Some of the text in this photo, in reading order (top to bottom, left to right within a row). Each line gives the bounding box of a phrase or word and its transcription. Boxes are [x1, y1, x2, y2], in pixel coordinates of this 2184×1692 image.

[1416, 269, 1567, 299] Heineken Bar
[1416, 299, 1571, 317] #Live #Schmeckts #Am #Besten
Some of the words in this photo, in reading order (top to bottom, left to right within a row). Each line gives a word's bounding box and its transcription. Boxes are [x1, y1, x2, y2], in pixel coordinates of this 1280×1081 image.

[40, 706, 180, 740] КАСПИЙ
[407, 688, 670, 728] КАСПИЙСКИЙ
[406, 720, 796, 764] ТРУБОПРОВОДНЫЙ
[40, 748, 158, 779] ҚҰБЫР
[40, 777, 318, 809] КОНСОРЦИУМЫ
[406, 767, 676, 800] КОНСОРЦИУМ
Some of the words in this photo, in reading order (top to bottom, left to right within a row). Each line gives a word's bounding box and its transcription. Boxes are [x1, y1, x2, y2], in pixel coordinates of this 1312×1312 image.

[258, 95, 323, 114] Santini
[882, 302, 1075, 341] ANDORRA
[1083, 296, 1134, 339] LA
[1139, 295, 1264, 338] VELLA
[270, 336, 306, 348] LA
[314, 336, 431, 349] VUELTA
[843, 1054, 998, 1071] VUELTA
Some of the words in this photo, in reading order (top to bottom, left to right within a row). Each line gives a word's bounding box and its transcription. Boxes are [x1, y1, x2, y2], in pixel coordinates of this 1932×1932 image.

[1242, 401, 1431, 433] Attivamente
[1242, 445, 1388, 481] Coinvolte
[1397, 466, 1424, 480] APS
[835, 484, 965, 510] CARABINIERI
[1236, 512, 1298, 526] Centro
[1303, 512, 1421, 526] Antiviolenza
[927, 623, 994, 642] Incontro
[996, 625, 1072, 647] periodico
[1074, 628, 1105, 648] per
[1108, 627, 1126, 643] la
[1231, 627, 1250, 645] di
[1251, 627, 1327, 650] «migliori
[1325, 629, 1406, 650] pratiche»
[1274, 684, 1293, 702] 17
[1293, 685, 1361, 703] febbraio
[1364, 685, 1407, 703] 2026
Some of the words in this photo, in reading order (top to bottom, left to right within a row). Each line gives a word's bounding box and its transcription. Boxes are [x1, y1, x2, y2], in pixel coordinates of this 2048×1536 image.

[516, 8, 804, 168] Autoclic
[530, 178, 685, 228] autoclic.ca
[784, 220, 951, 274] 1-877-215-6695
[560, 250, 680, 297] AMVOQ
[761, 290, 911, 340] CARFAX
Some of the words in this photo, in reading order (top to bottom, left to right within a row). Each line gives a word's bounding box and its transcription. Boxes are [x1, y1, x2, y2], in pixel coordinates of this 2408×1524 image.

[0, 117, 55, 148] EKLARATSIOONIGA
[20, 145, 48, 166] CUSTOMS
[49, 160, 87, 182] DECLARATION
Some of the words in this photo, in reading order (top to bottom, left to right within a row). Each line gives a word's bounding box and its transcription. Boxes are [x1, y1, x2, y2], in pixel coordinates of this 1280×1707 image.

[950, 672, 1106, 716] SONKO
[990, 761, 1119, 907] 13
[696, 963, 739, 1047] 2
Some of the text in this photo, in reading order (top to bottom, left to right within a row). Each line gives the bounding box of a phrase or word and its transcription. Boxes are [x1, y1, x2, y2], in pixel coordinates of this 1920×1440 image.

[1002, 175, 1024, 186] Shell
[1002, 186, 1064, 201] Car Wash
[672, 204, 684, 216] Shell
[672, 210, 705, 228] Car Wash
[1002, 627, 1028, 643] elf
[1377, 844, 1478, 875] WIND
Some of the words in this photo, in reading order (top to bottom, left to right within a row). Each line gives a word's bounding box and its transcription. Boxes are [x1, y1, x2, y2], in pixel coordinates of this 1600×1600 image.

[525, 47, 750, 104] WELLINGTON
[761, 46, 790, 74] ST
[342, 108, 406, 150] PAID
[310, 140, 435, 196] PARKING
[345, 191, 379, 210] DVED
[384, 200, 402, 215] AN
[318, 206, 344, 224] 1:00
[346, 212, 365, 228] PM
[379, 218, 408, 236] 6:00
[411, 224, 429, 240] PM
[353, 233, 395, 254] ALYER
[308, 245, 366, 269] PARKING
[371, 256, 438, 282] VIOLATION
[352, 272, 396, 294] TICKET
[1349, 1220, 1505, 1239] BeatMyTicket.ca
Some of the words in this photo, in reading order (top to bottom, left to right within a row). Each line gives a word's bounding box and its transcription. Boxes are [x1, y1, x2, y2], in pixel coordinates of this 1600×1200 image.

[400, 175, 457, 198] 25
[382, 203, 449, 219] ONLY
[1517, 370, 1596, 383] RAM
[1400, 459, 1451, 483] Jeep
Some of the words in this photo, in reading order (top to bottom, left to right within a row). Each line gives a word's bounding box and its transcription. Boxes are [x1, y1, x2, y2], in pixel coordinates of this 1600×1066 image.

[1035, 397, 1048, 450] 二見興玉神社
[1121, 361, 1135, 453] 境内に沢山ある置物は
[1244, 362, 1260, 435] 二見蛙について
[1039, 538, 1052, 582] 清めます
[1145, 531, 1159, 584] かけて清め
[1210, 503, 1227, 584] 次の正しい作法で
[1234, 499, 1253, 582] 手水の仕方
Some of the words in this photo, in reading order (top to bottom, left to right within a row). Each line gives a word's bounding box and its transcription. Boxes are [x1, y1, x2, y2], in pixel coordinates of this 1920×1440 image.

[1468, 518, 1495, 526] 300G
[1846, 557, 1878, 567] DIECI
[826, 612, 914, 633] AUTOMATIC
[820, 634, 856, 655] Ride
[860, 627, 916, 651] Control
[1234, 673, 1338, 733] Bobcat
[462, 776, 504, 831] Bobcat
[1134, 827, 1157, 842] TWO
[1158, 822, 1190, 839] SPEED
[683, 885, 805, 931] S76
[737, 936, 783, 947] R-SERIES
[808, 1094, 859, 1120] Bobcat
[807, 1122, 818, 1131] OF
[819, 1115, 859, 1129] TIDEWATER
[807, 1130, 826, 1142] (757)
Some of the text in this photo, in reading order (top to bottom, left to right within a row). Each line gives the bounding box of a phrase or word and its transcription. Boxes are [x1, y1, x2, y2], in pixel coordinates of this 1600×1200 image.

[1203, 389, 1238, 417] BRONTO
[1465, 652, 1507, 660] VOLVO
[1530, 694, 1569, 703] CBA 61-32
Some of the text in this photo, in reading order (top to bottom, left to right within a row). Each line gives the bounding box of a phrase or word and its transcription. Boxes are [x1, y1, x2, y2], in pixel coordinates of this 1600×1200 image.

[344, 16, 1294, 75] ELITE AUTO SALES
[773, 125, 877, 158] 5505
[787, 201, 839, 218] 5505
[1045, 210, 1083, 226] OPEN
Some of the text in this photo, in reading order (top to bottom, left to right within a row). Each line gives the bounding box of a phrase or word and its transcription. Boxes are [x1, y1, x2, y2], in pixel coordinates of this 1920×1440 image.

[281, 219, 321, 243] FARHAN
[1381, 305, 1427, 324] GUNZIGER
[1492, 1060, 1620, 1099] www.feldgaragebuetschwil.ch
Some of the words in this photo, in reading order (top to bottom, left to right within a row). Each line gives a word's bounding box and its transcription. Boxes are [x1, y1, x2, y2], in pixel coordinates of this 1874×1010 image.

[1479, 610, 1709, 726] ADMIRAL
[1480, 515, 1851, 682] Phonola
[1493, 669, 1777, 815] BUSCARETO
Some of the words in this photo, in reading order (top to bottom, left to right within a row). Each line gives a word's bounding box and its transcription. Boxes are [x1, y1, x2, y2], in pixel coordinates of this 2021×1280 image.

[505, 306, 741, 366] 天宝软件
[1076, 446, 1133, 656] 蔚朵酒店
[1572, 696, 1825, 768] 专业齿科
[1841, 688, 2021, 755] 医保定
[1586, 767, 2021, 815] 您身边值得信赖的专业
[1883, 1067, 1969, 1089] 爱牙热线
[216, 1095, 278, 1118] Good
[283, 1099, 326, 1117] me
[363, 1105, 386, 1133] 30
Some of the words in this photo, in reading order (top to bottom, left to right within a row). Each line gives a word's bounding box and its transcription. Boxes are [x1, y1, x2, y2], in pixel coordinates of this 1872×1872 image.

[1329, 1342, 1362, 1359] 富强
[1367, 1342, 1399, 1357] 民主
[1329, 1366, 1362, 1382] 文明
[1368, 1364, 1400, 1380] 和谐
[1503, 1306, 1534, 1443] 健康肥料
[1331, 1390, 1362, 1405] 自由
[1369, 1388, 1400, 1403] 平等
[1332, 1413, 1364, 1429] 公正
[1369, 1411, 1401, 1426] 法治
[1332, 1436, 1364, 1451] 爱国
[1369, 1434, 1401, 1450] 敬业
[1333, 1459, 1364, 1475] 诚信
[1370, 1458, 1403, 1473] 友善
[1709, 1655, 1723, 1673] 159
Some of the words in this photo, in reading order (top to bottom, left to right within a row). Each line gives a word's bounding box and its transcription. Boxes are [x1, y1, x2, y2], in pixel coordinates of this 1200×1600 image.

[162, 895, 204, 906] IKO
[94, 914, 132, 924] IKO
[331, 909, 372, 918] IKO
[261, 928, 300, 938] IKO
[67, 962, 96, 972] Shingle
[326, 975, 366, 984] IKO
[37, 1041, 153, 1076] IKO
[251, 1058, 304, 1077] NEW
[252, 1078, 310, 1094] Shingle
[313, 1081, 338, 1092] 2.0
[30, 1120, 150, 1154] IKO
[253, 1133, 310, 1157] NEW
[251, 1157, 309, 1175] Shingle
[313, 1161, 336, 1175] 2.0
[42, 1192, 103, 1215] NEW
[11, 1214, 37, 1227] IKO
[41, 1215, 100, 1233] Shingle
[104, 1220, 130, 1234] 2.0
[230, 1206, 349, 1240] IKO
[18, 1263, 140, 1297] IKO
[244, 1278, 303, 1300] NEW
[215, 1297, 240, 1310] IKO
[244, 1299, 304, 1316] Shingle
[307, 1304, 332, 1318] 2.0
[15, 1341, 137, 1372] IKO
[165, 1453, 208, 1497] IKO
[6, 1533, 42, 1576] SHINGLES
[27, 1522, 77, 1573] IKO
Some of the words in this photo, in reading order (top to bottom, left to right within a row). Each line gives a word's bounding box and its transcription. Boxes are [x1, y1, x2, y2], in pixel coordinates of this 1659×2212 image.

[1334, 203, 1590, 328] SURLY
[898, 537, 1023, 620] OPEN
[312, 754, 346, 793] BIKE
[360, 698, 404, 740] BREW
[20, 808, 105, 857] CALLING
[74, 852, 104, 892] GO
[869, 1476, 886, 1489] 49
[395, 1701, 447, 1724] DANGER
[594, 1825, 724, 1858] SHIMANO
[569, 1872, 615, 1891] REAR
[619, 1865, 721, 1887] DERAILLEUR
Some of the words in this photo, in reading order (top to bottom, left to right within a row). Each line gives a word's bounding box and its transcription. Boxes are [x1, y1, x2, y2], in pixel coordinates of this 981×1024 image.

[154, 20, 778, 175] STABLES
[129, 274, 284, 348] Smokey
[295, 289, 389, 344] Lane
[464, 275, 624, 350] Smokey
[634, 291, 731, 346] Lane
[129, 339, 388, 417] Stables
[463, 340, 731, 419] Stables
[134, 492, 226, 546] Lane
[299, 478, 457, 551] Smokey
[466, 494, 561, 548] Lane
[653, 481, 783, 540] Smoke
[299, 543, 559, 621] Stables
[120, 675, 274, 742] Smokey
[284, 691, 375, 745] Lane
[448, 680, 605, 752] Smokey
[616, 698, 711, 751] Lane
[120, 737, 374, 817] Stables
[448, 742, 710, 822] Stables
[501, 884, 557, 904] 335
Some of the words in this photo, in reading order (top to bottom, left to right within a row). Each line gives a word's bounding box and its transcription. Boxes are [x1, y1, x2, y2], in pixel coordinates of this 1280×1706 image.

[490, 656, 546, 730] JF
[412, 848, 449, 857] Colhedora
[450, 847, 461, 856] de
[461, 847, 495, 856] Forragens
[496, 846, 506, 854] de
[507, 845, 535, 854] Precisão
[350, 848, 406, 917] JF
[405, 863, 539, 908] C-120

Work order:
Whatever lies between the line containing "this 1280×1706 image." and the final line above, both included, must be returned exactly.

Output for this task:
Some of the words in this photo, in reading order (top to bottom, left to right within a row). Each line gives a word's bounding box and its transcription. Boxes are [x1, y1, x2, y2], in pixel coordinates of this 1280×1706 image.

[490, 656, 546, 730] JF
[412, 848, 449, 857] Colhedora
[450, 847, 461, 856] de
[461, 847, 495, 856] Forragens
[496, 846, 506, 854] de
[507, 845, 535, 854] Precisão
[350, 848, 406, 917] JF
[405, 863, 539, 908] C-120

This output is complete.